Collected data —

☆ ☆ ☆ ☆ ☆

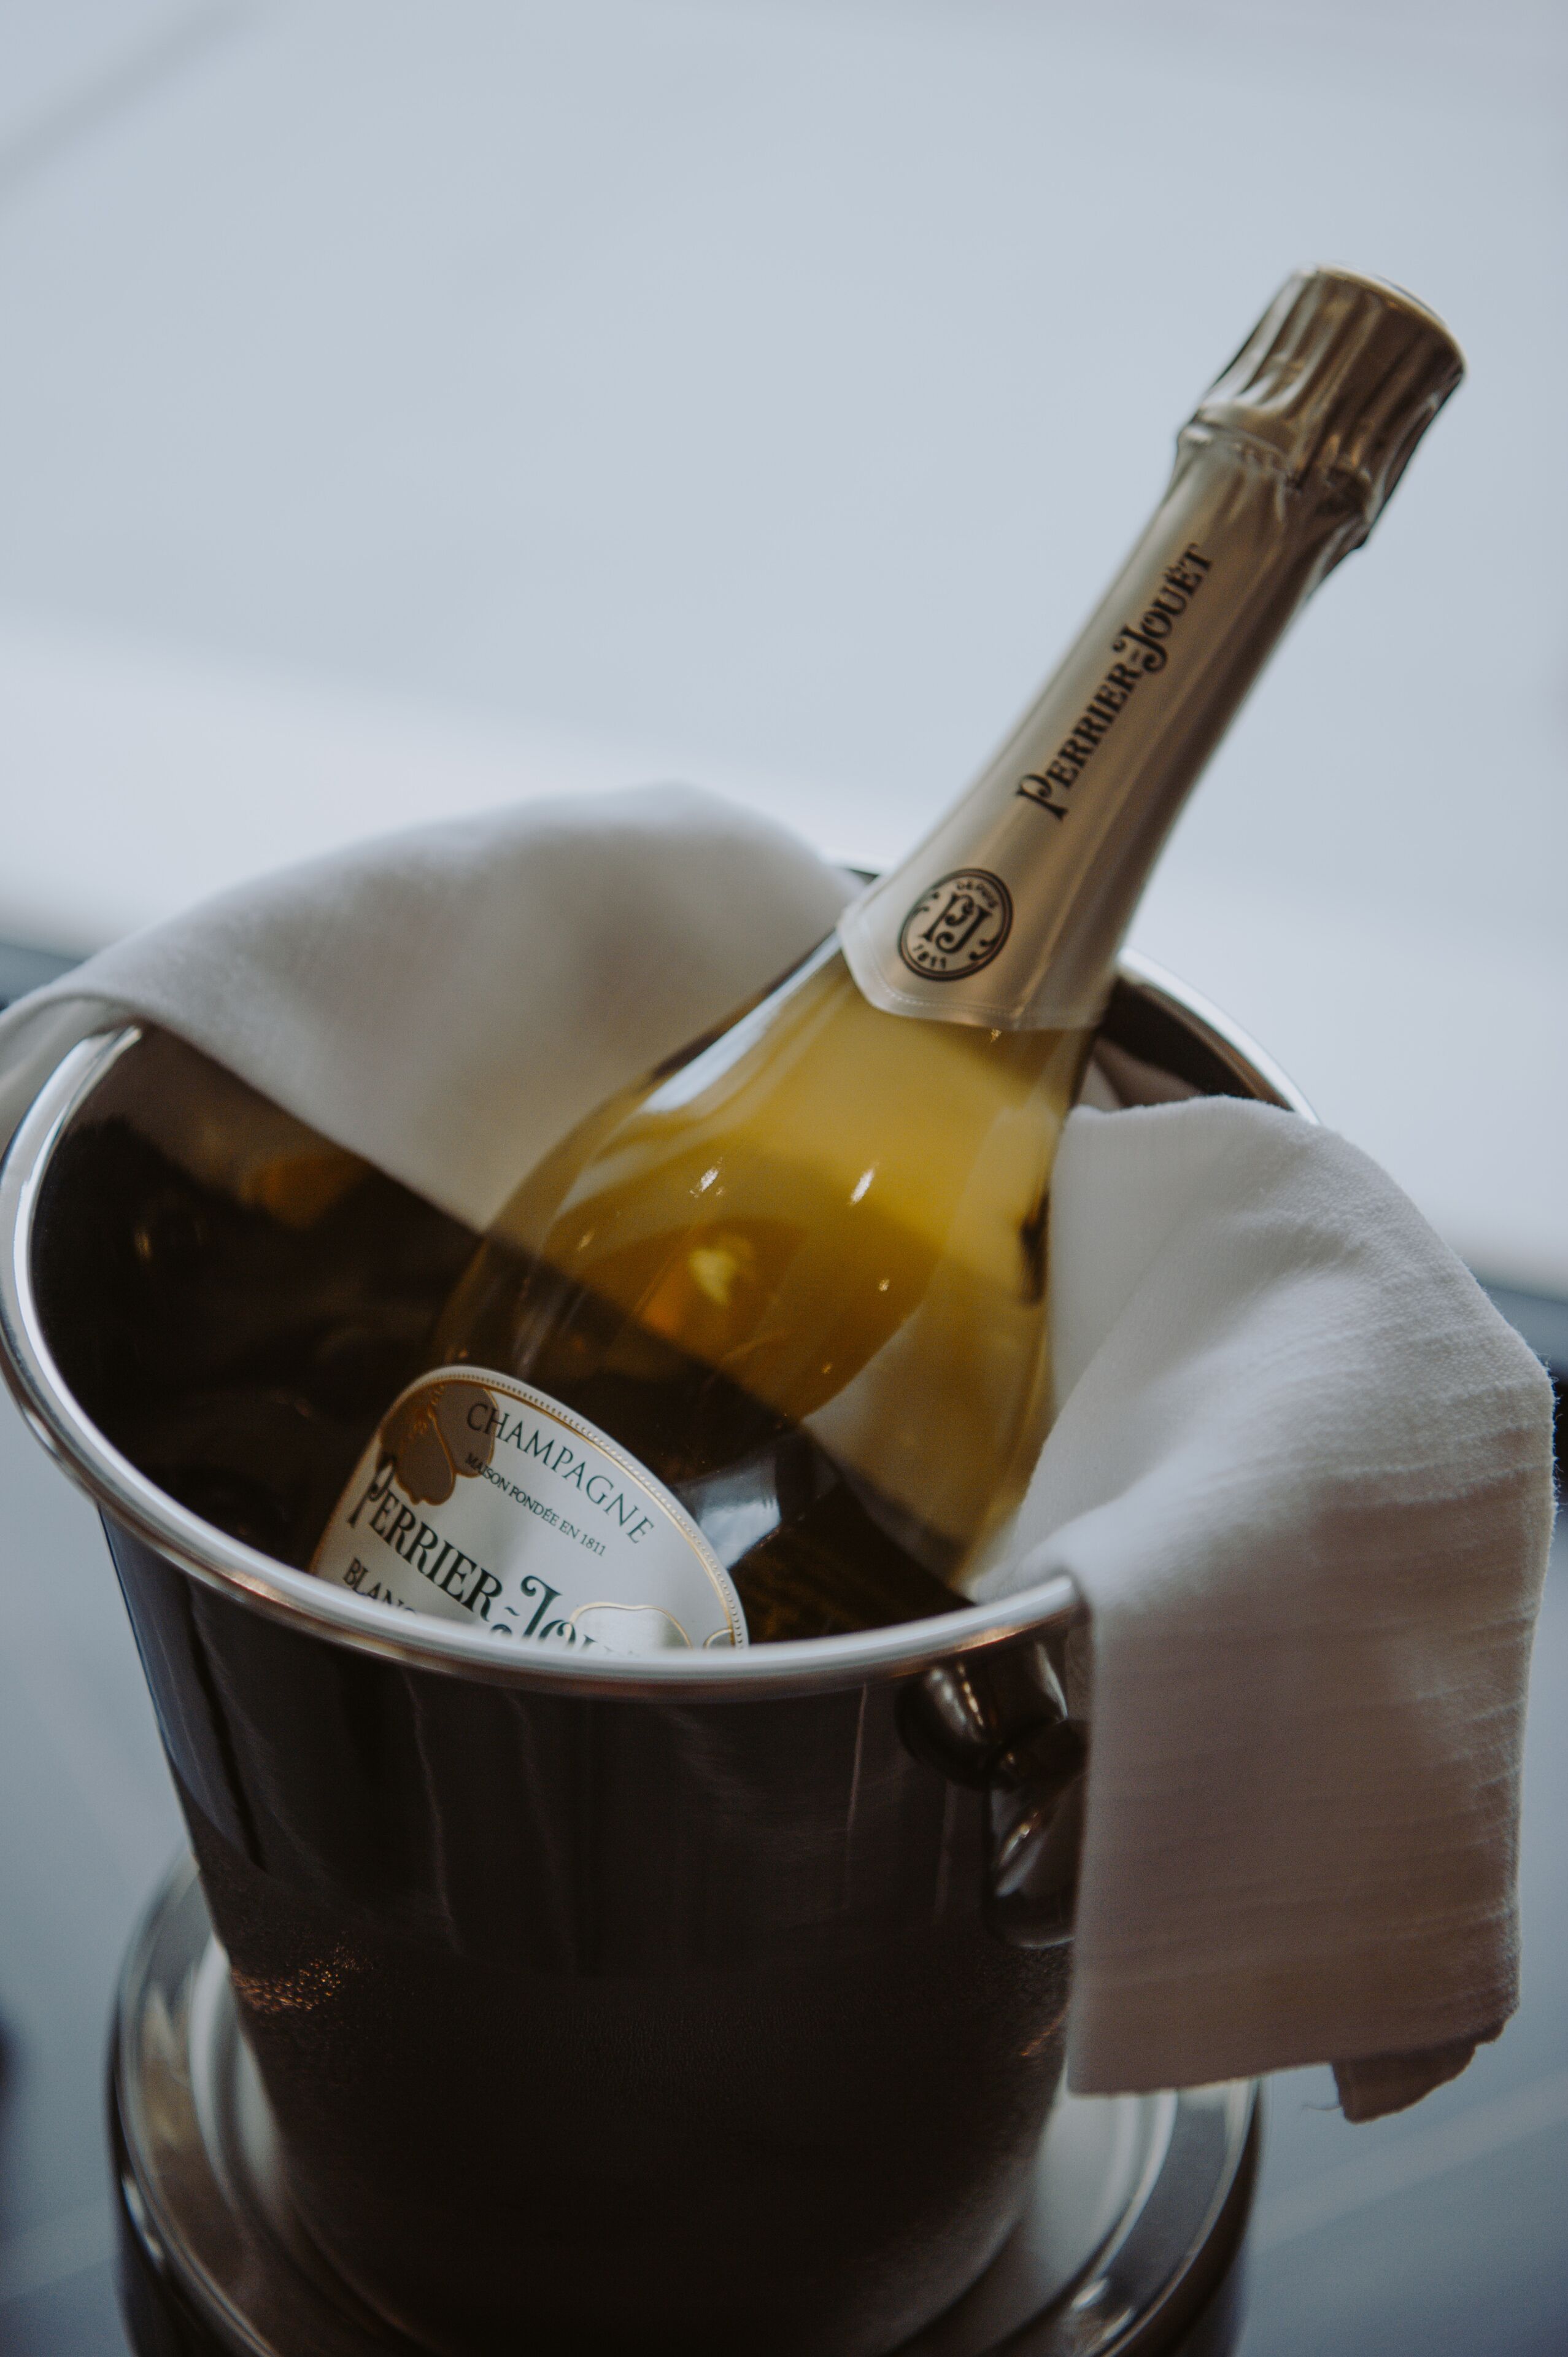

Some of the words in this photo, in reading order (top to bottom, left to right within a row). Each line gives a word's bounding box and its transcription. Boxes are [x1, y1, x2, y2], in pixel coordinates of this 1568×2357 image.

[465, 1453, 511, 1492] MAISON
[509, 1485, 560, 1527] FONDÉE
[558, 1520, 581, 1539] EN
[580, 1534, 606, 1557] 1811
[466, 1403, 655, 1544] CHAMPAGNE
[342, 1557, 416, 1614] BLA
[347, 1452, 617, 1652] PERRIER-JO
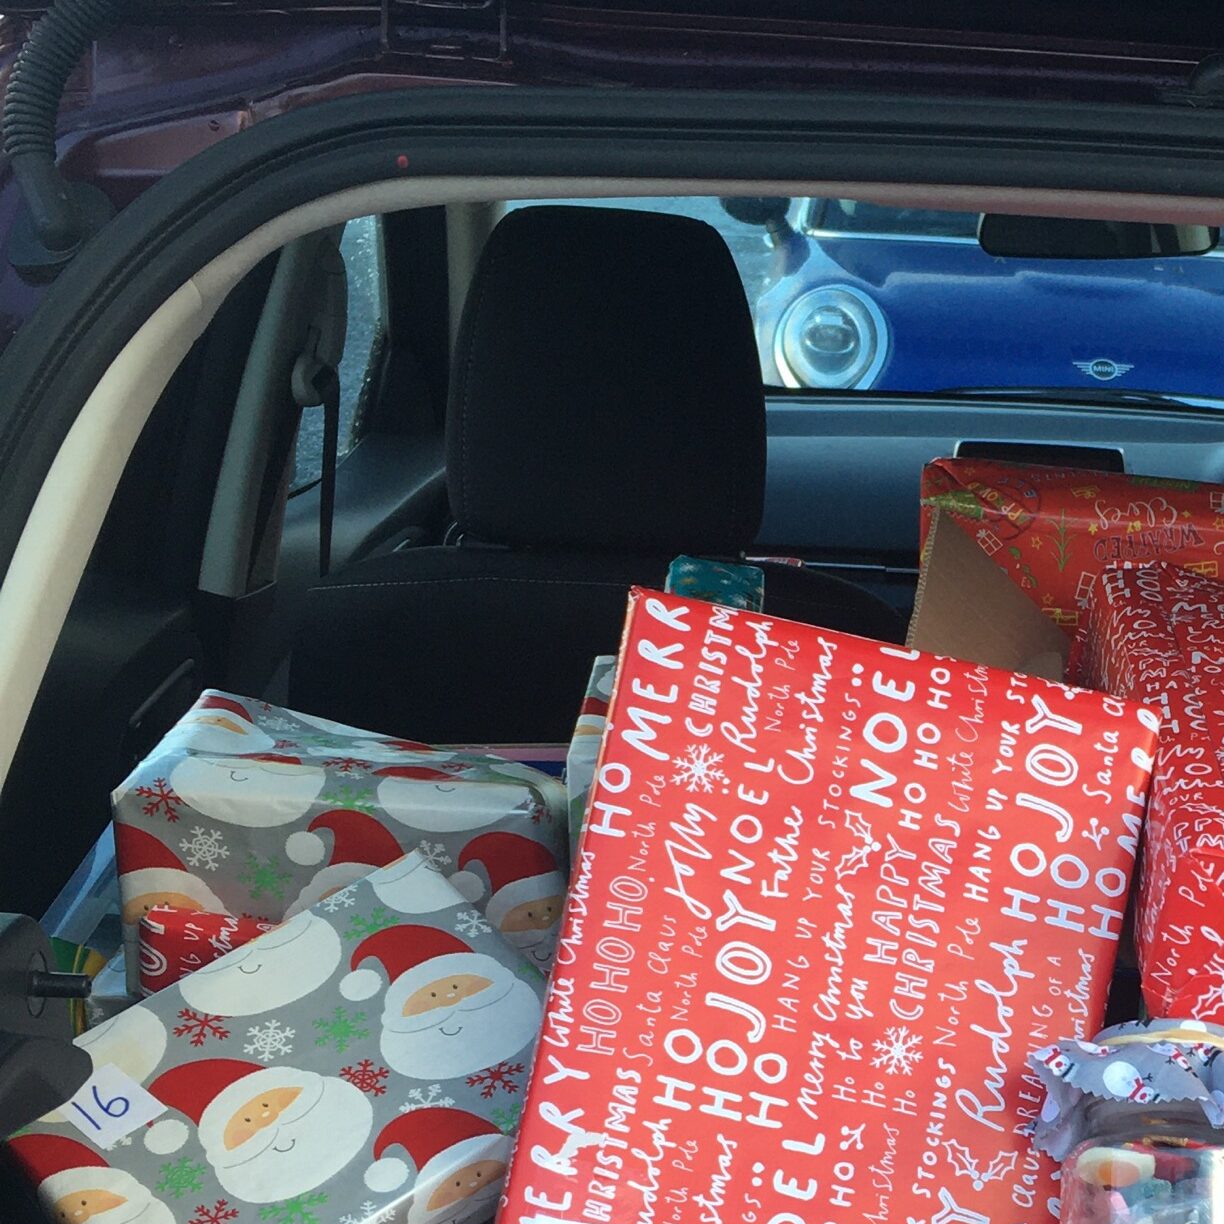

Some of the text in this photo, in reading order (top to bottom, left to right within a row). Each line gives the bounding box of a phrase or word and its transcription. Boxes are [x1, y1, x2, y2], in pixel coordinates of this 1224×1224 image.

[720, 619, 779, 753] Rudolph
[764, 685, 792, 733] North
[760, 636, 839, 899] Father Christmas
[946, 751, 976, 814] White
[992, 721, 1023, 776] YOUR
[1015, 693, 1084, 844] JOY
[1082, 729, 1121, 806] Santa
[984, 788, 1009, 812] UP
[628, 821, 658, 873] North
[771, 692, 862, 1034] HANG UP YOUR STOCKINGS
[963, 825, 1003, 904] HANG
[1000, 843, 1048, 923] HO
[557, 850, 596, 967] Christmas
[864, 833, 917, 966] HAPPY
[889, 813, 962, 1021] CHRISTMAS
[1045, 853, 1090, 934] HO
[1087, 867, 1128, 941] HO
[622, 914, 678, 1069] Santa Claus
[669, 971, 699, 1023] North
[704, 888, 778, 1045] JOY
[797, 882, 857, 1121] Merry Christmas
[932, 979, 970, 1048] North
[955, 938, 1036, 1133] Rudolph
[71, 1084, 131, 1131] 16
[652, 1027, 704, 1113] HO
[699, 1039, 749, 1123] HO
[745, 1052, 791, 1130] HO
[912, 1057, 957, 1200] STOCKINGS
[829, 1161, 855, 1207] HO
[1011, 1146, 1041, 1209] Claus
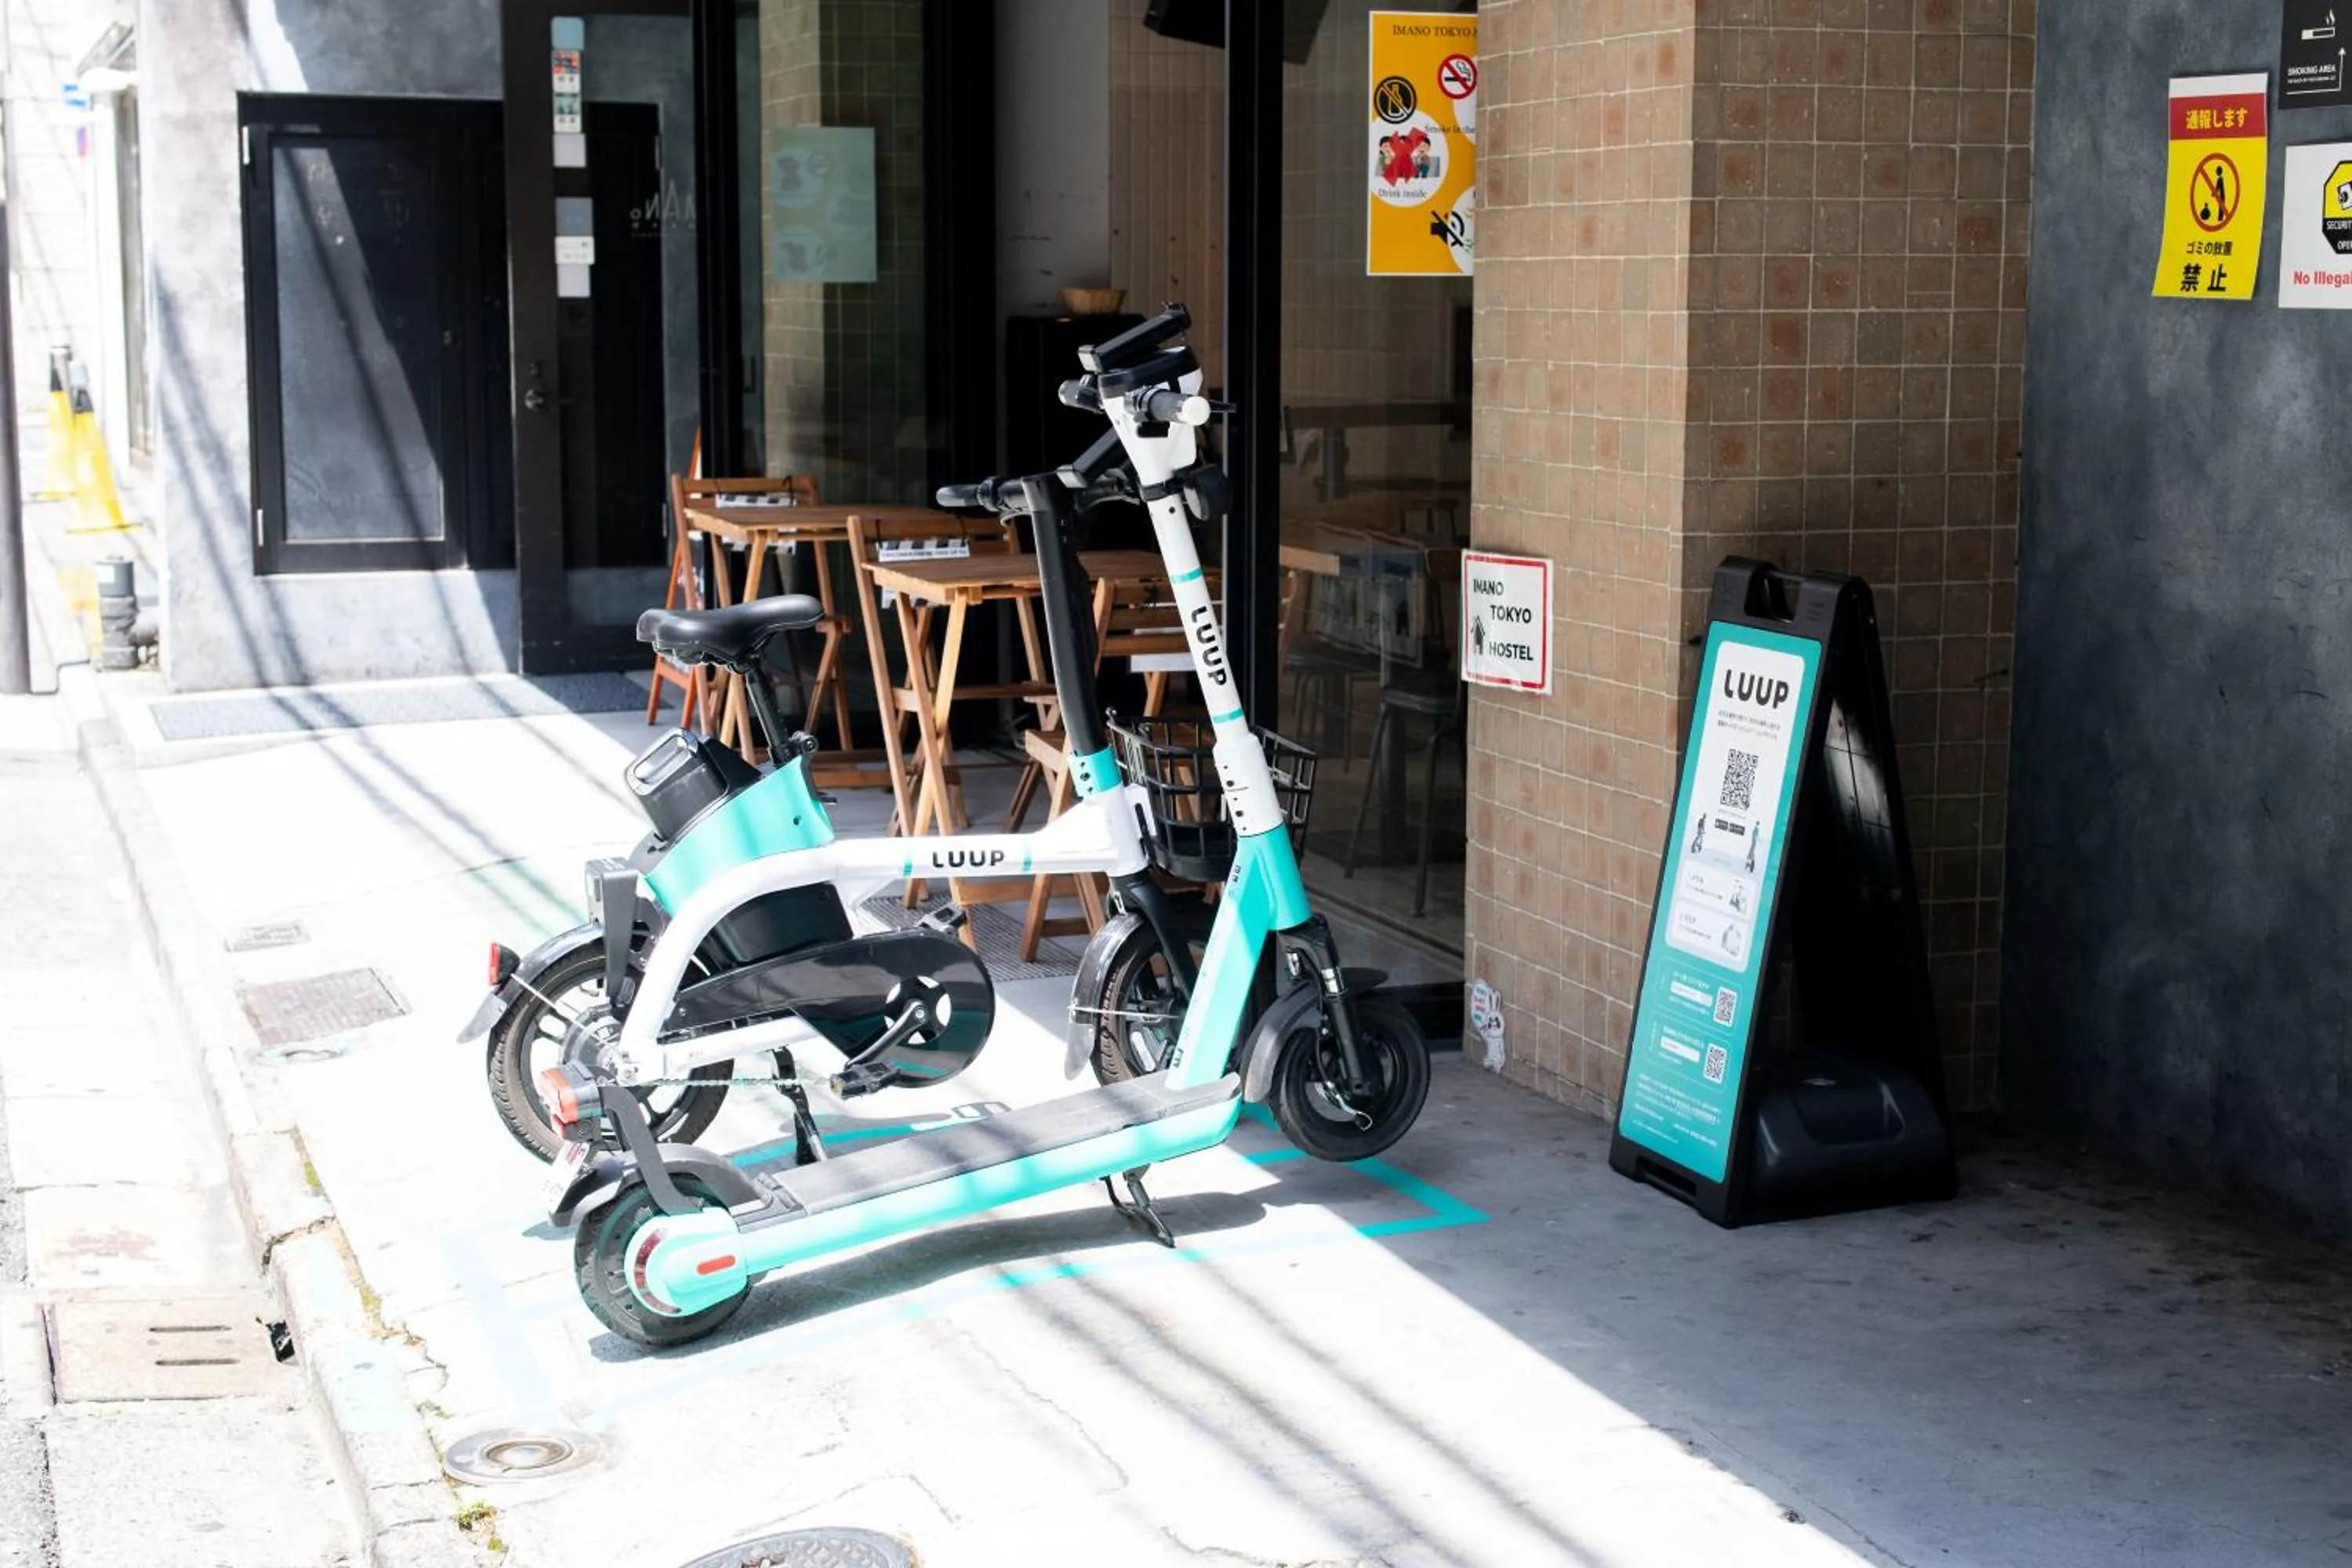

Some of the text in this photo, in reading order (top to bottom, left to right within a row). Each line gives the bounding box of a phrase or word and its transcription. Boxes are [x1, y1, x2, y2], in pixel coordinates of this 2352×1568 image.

☆ ☆ ☆ ☆ ☆

Could you restate every entry above word for word, leaving out the pictures?

Problem solution —
Some of the words in this photo, in reading order (top to bottom, left to right within a row). Each line gives a word's bounding box and its transcription. Boxes are [x1, y1, x2, y2], in pixel coordinates of this 1568×2357 image.

[465, 1453, 511, 1492] MAISON
[509, 1485, 560, 1527] FONDÉE
[558, 1520, 581, 1539] EN
[580, 1534, 606, 1557] 1811
[466, 1403, 655, 1544] CHAMPAGNE
[342, 1557, 416, 1614] BLA
[347, 1452, 617, 1652] PERRIER-JO

Some of the text in this photo, in reading order (top to bottom, left to right within a row). Each line gives the bounding box of a phrase or word and its transcription. Boxes are [x1, y1, x2, y2], in pixel coordinates of this 1224×1224 image.

[720, 619, 779, 753] Rudolph
[764, 685, 792, 733] North
[760, 636, 839, 899] Father Christmas
[946, 751, 976, 814] White
[992, 721, 1023, 776] YOUR
[1015, 693, 1084, 844] JOY
[1082, 729, 1121, 806] Santa
[984, 788, 1009, 812] UP
[628, 821, 658, 873] North
[771, 692, 862, 1034] HANG UP YOUR STOCKINGS
[963, 825, 1003, 904] HANG
[1000, 843, 1048, 923] HO
[557, 850, 596, 967] Christmas
[864, 833, 917, 966] HAPPY
[889, 813, 962, 1021] CHRISTMAS
[1045, 853, 1090, 934] HO
[1087, 867, 1128, 941] HO
[622, 914, 678, 1069] Santa Claus
[669, 971, 699, 1023] North
[704, 888, 778, 1045] JOY
[797, 882, 857, 1121] Merry Christmas
[932, 979, 970, 1048] North
[955, 938, 1036, 1133] Rudolph
[71, 1084, 131, 1131] 16
[652, 1027, 704, 1113] HO
[699, 1039, 749, 1123] HO
[745, 1052, 791, 1130] HO
[912, 1057, 957, 1200] STOCKINGS
[829, 1161, 855, 1207] HO
[1011, 1146, 1041, 1209] Claus

Some of the text in this photo, in reading order (top to bottom, left to right within a row). Each line gives the bounding box of a phrase or word and its transcription. Boxes are [x1, y1, x2, y2], in pixel coordinates of this 2352×1568 image.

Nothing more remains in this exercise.